4) Adquieran las facultades y
competencias para preservar, en lo que consideren necesario, y para enriquecer
y aún cambiar o ajustar en lo que acuerden como imprescindible, sus complejos
socioculturales (lenguas, usos y costumbres, etc.). Aquí, en consecuencia,
no opera sólo un afán de conservar, como se cree a menudo, sino también la
vocación innovadora que está presente en los pueblos a lo largo de toda su
historia.
5) Puedan participar en las
instancias u órganos de decisión nacional y local. La autonomía no es
“enconchamiento”, autarquía, ensimismamiento o aislamiento, sino búsqueda de
participación plena en la vida nacional, en los órganos democráticos de la
nación. Desde luego, implica la participación en las llamadas “instancias de
debate y decisión nacional”: congresos locales y, en nuestro caso, el Congreso
de la Unión; y en general, en todas aquellas instituciones creadas para la
representación ciudadana, sin que la condición “étnica” levante un obstáculo
para ello.
6) Finalmente, que los pueblos
que se benefician del régimen autonómico puedan manejar los recursos propios,
y recibir los recursos nacionales en ejercicio de un federalismo cooperativo y
solidario, imprescindibles para que sus órganos y autoridades realicen las
tareas de gobierno y justicia que el propio orden legal les asigna.
En México, el
proceso autonómico ha atravesado por varias etapas. Es imposible hacer aquí un
recuento de todas ellas. Me concentraré en una crucial: el diálogo y la
negociación entre el EZLN y el Gobierno Federal en 1995-1996. ¿Qué se acordó
allí? La impresión que se ha buscado crear en la opinión pública, sobre todo en
los últimos tiempos, es que los Acuerdos de San Andrés que firmaron las partes
contienen todos los elementos de la autonomía, mencionados antes, en su
expresión cabal, completa e incluso –algunos así lo creen o hacen creer que eso
piensan– de manera sobrada. Eso les permite alegar a los inconformes que se
debe morigerar tal desmesura reivindicativa de los indígenas. La realidad, sin
embargo, es muy otra.
Los Acuerdos de San Andrés
fueron una transacción entre, por una parte, las demandas originales de
los pueblos indios y del propio EZLN, y, por la otra, las restricciones que la
delegación gubernamental trató de imponer por todos los medios a su alcance (y
hay que decir que no escatimó ninguno, incluyendo en ocasiones algunos
moralmente cuestionables). Pero, con todo, fue una negociación en estricto
sentido. Las partes realmente negociaron, lo que significa que buscaron una
formulación que incluyera lo fundamental, acorde con el tempo y la dinámica del proceso, aunque no se agotaran todas las
demandas que deseaba alcanzar una parte y todas las restricciones que procuraba
marcar la otra. Lo que se pactó fue logrado en buena lid. El EZLN así lo
advirtió en su momento, al igual que las organizaciones indígenas involucradas,
no obstante que señalaron reivindicaciones no alcanzadas. Por eso, estos
últimos calificaron lo convenido como “acuerdos mínimos”. No obstante,
buscando una salida política y mostrando una flexibilidad que brilló por su
ausencia en las posteriores posiciones gubernamentales, el EZLN,
primero, aceptó firmar los Acuerdos de San Andrés con la representación del Poder
Ejecutivo y, después, apoyó la propuesta elaborada por la Comisión de
Concordia y Pacificación (COCOPA), basada en aquellos acuerdos, aunque no
dejaran colmadas todas las demandas de los pueblos indios.
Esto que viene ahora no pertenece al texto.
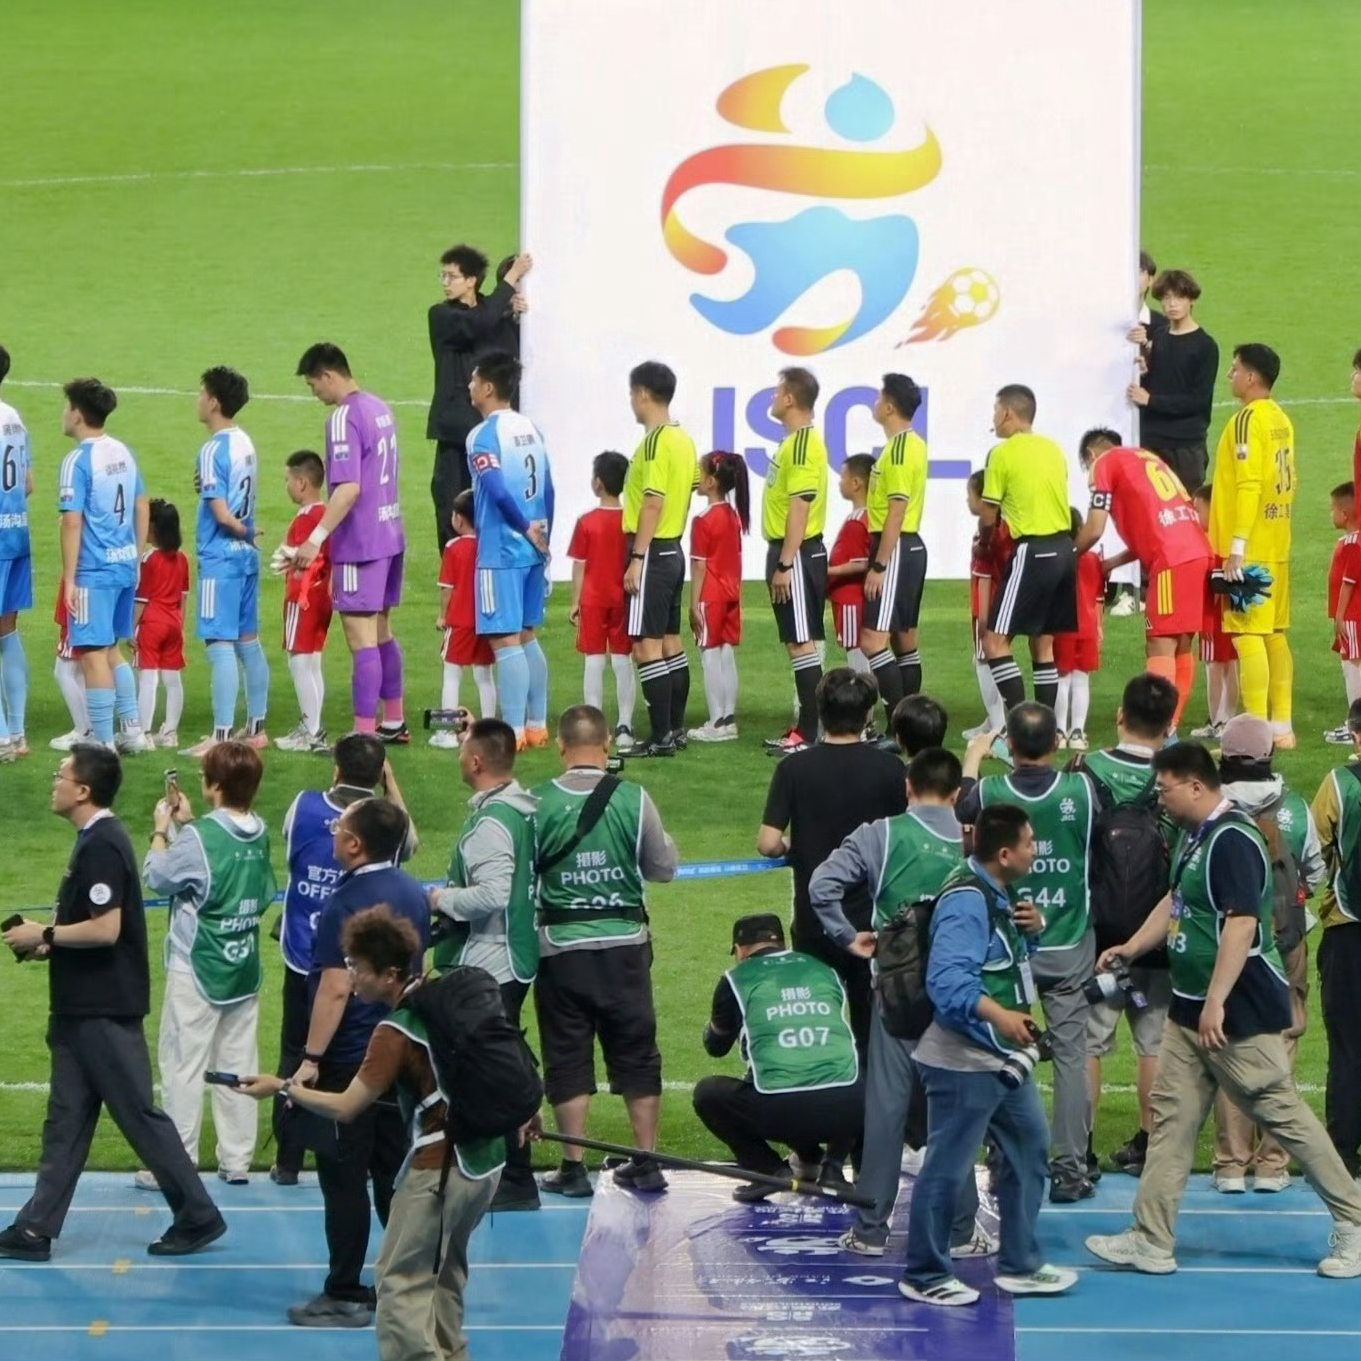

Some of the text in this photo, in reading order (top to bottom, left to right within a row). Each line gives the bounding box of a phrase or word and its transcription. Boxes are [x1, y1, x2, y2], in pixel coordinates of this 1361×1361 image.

Así, una reforma constitucional
basada en la propuesta elaborada por la COCOPA, pese a sus limitaciones,
constituiría hoy la base de un “arreglo constructivo”, en el sentido
antes indicado. Pero, como sabemos, después de comprometer su palabra en el
diálogo y la negociación, el gobierno federal se desdijo, rechazó la propuesta
de la COCOPA y decidió enviar al Congreso su propia iniciativa de decreto. ¿La
iniciativa sobre derechos y cultura indígena presentada por el Ejecutivo
merecía el calificativo de acuerdo “constructivo”? Hay razones de peso para
creer que no. Me parece que ella, o cualquier otra variante fundada en los
mismos principios y la misma orientación, dejaría insatisfecha a una de las
partes (particularmente a los pueblos indios) y en esa medida resultaría un
fracaso el primer ensayo autonomista de México en materia de derechos
indígenas.
Por supuesto, esto
no sólo hay que afirmarlo; se requiere probarlo con un mínimo de certidumbre,
para lo cual el análisis comparativo de las propuestas contrapuestas
actualmente en manos del Congreso es el procedimiento recomendable. Lo haremos
más adelante. Pero antes conviene pasar revista a unos cuantos asuntos
centrales que están en juego, los cuales nos indican hasta qué punto lo que
está en debate no es la mera discrepancia secundaria entre iniciativas que
podrían ser prácticamente intercambiables, como han sugerido algunos analistas,
sino cuestiones de fondo que pueden modelar el futuro rostro de la nación.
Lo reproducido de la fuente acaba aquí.